REQUIRED WORK => Here the job is to print all of the entries below verbatim and leave out any picture.

AVAILABLE RECORDS =>

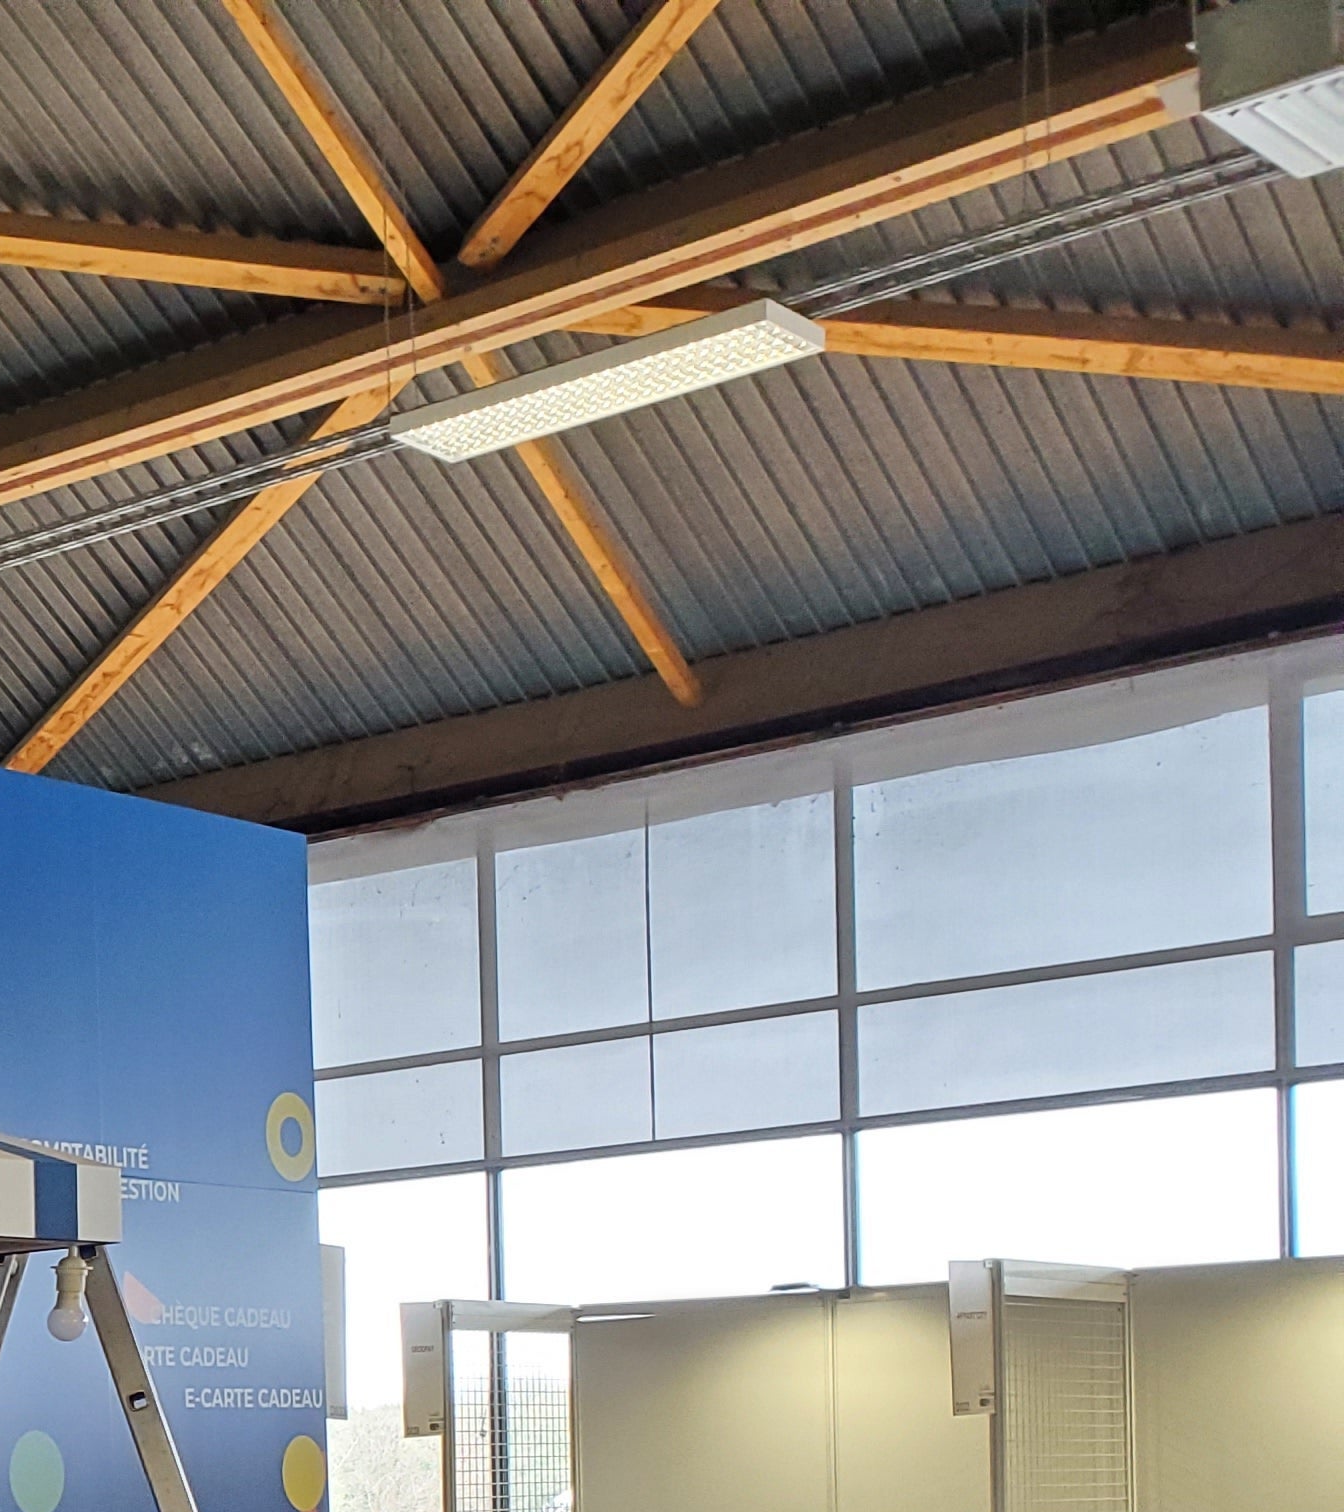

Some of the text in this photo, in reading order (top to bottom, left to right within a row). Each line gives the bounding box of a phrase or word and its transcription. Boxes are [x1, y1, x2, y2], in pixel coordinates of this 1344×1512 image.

[21, 1139, 149, 1170] PTABILITÉ
[120, 1178, 180, 1203] ESTION
[150, 1299, 292, 1330] CHÈQUE CADEAU
[143, 1345, 249, 1368] RTE CADEAU
[184, 1387, 324, 1409] E-CARTE CADEAU
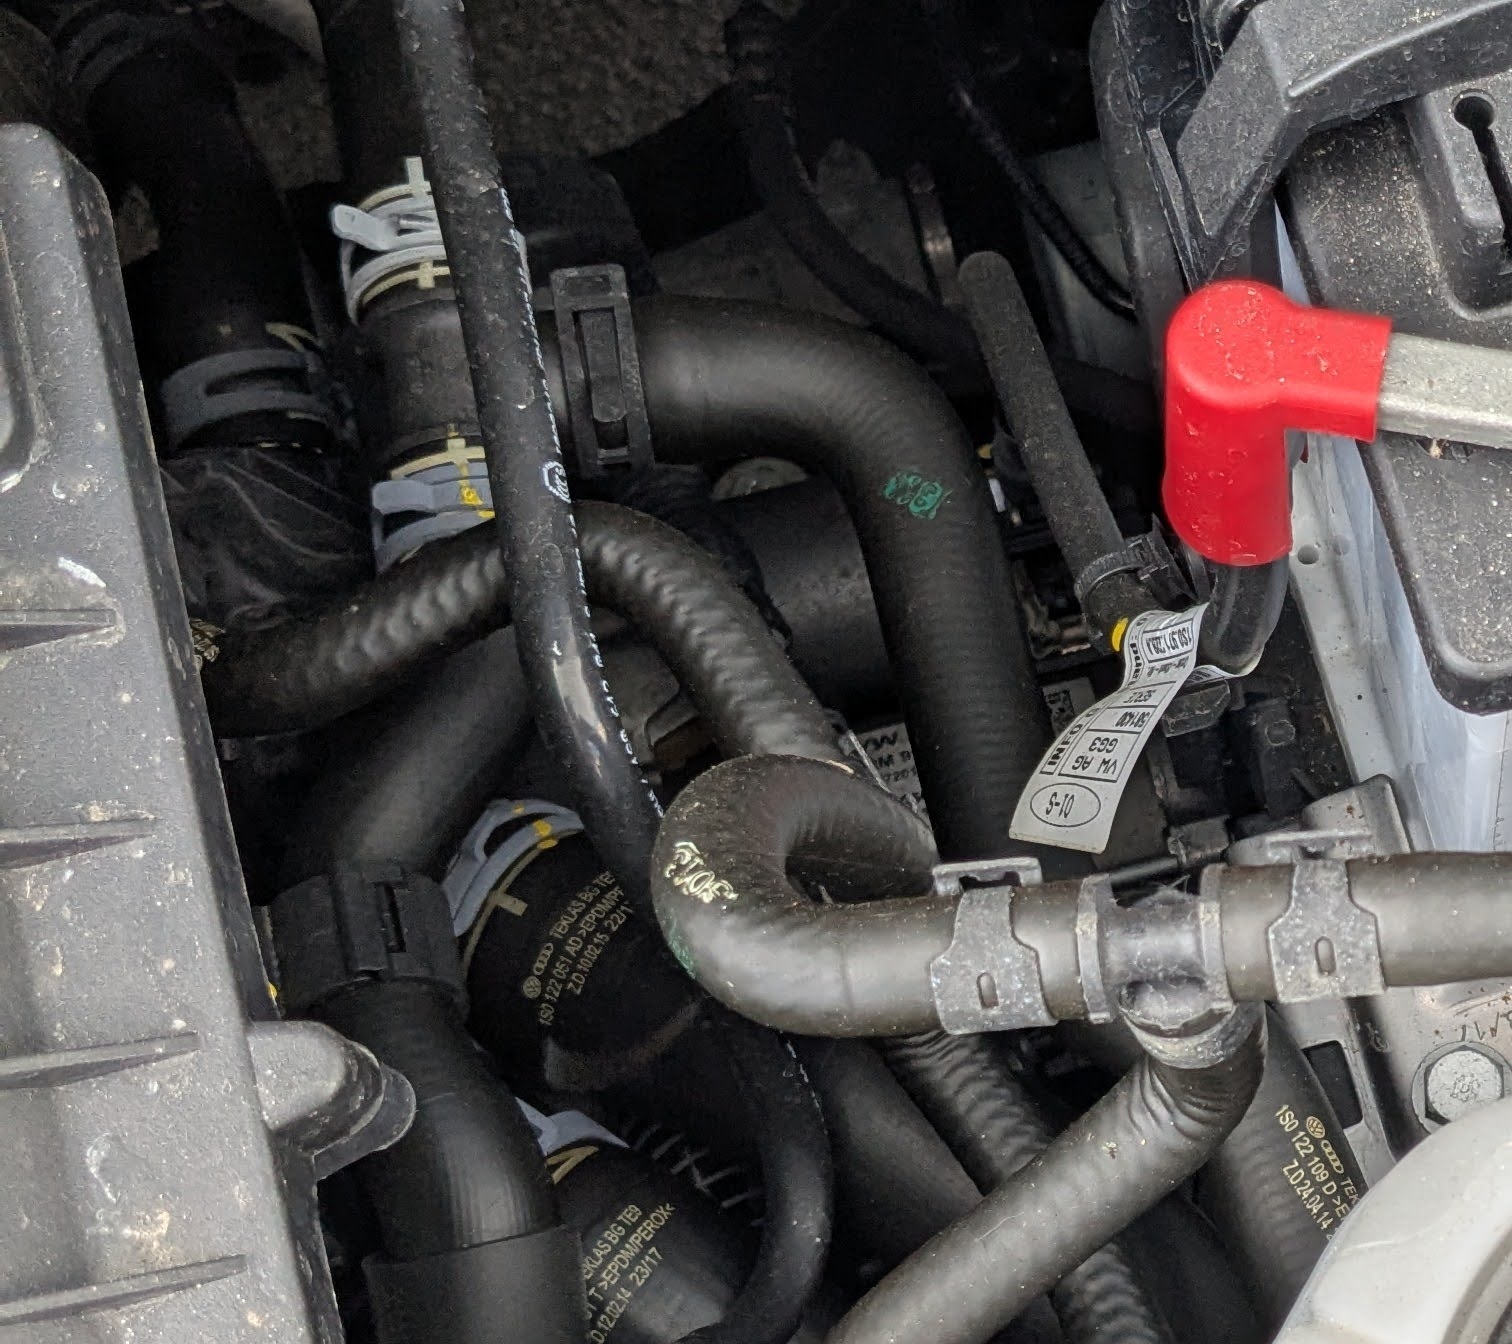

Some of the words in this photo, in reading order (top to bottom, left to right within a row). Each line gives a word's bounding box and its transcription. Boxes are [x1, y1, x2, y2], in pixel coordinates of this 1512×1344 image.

[1274, 1104, 1300, 1132] 1S0
[1289, 1130, 1313, 1157] 122
[1305, 1156, 1329, 1183] 109
[1320, 1181, 1337, 1197] D
[1329, 1194, 1350, 1220] >E
[1283, 1159, 1332, 1230] Z.D.24.04.14
[1341, 1178, 1360, 1205] TEK
[582, 1238, 612, 1280] EKLAS
[602, 1221, 626, 1244] BG
[616, 1202, 643, 1226] TE9
[600, 1203, 675, 1291] >EPDM/PEROX<
[628, 1245, 662, 1286] 23/17
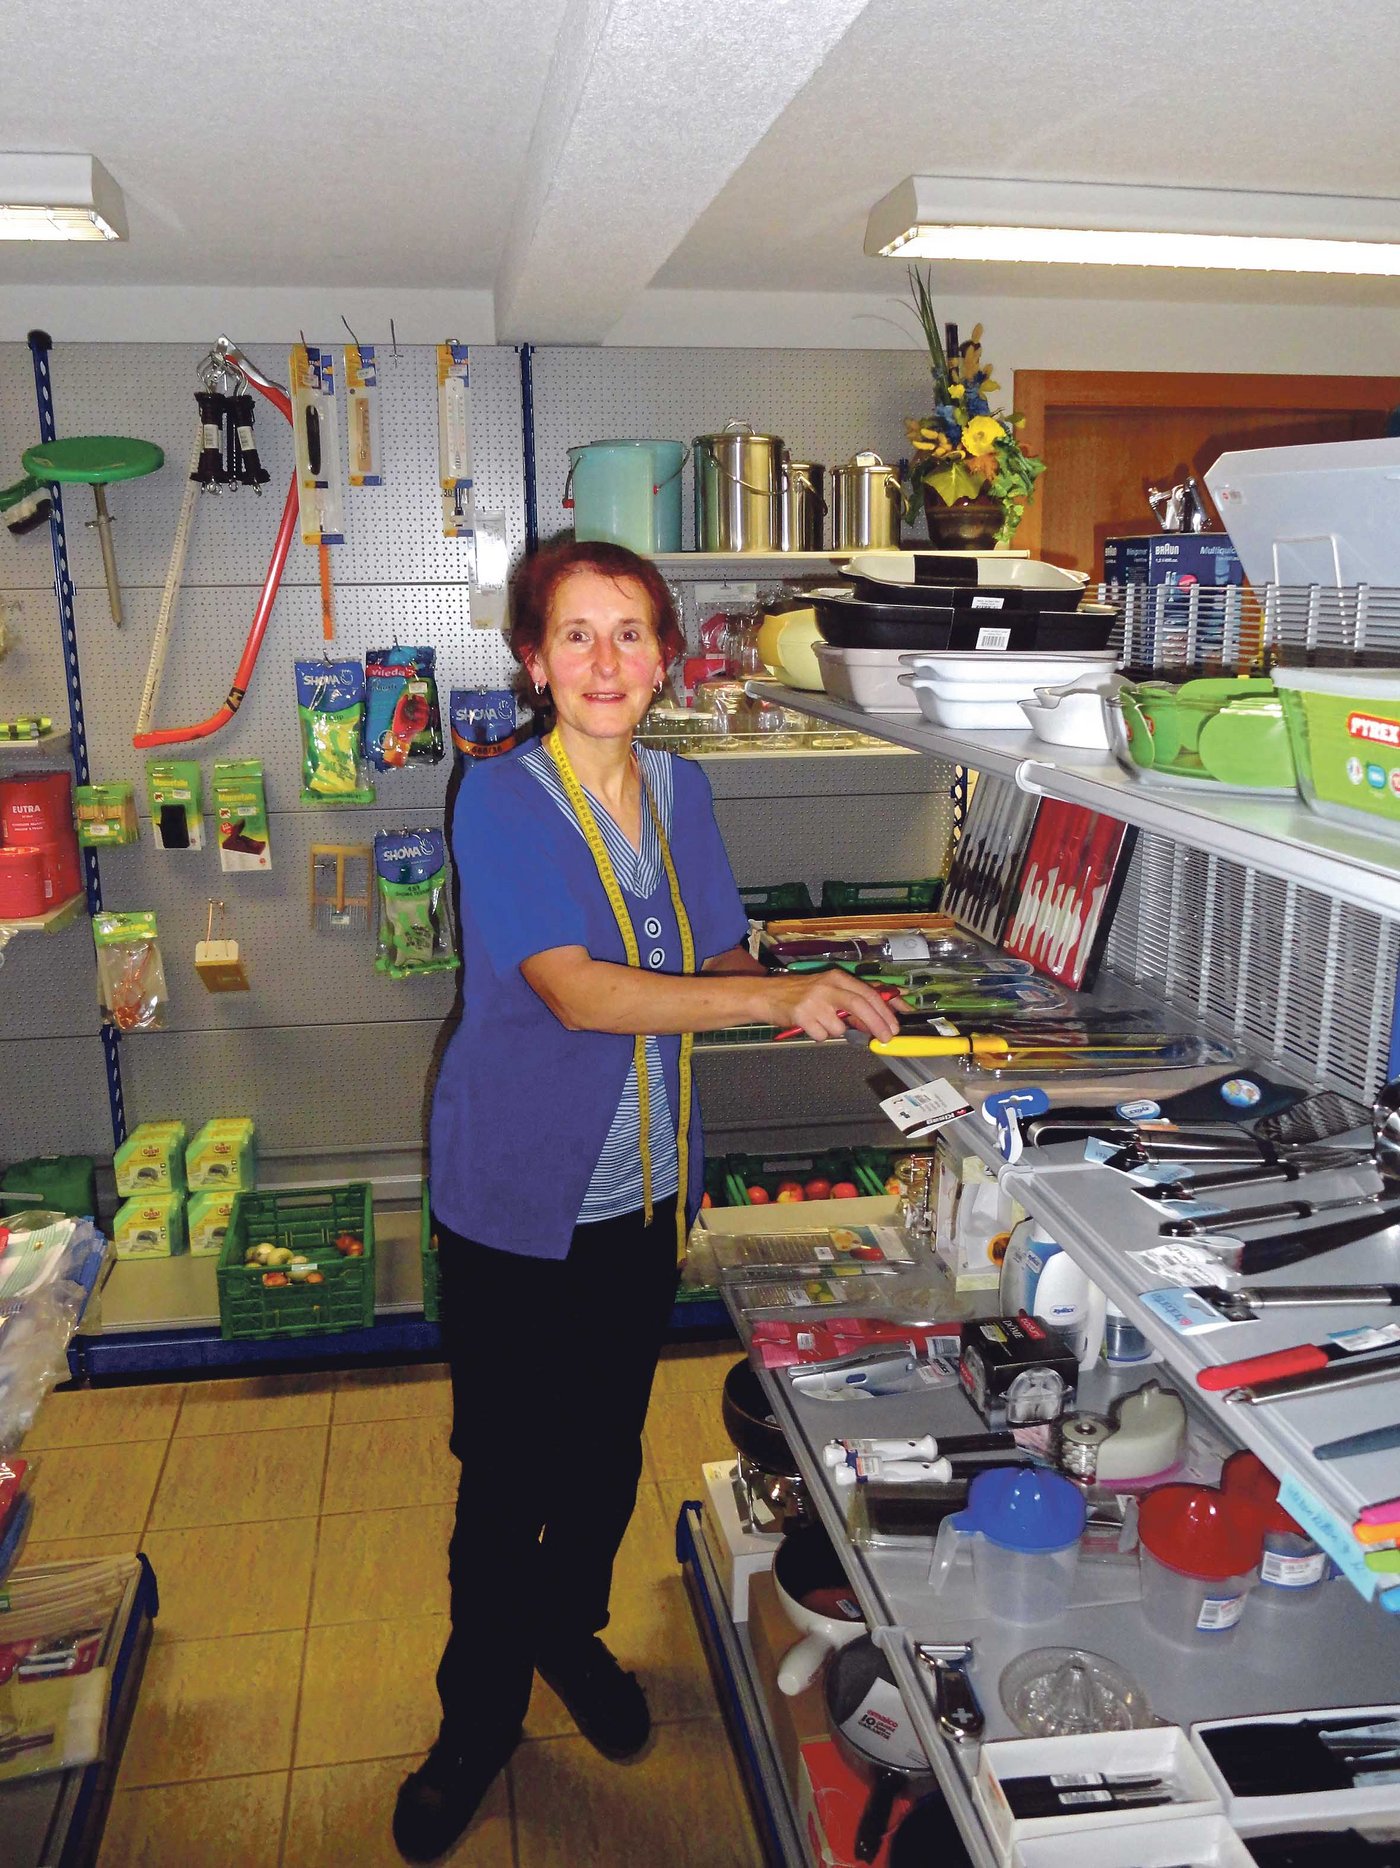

YOUR SOLUTION =>
Some of the text in this photo, in reading order (top to bottom, left to right within a row). Each line gives the bounding box of a phrase or word and its transcription. Boxes are [x1, y1, x2, y2], in pixel coordinates of this 1344×1512 image.

[21, 1139, 149, 1170] PTABILITÉ
[120, 1178, 180, 1203] ESTION
[150, 1299, 292, 1330] CHÈQUE CADEAU
[143, 1345, 249, 1368] RTE CADEAU
[184, 1387, 324, 1409] E-CARTE CADEAU

Some of the words in this photo, in reading order (top to bottom, left to right within a row). Each line gives a word's bounding box and its transcription. Boxes are [x1, y1, x2, y2], in pixel coordinates of this 1512×1344 image.

[1274, 1104, 1300, 1132] 1S0
[1289, 1130, 1313, 1157] 122
[1305, 1156, 1329, 1183] 109
[1320, 1181, 1337, 1197] D
[1329, 1194, 1350, 1220] >E
[1283, 1159, 1332, 1230] Z.D.24.04.14
[1341, 1178, 1360, 1205] TEK
[582, 1238, 612, 1280] EKLAS
[602, 1221, 626, 1244] BG
[616, 1202, 643, 1226] TE9
[600, 1203, 675, 1291] >EPDM/PEROX<
[628, 1245, 662, 1286] 23/17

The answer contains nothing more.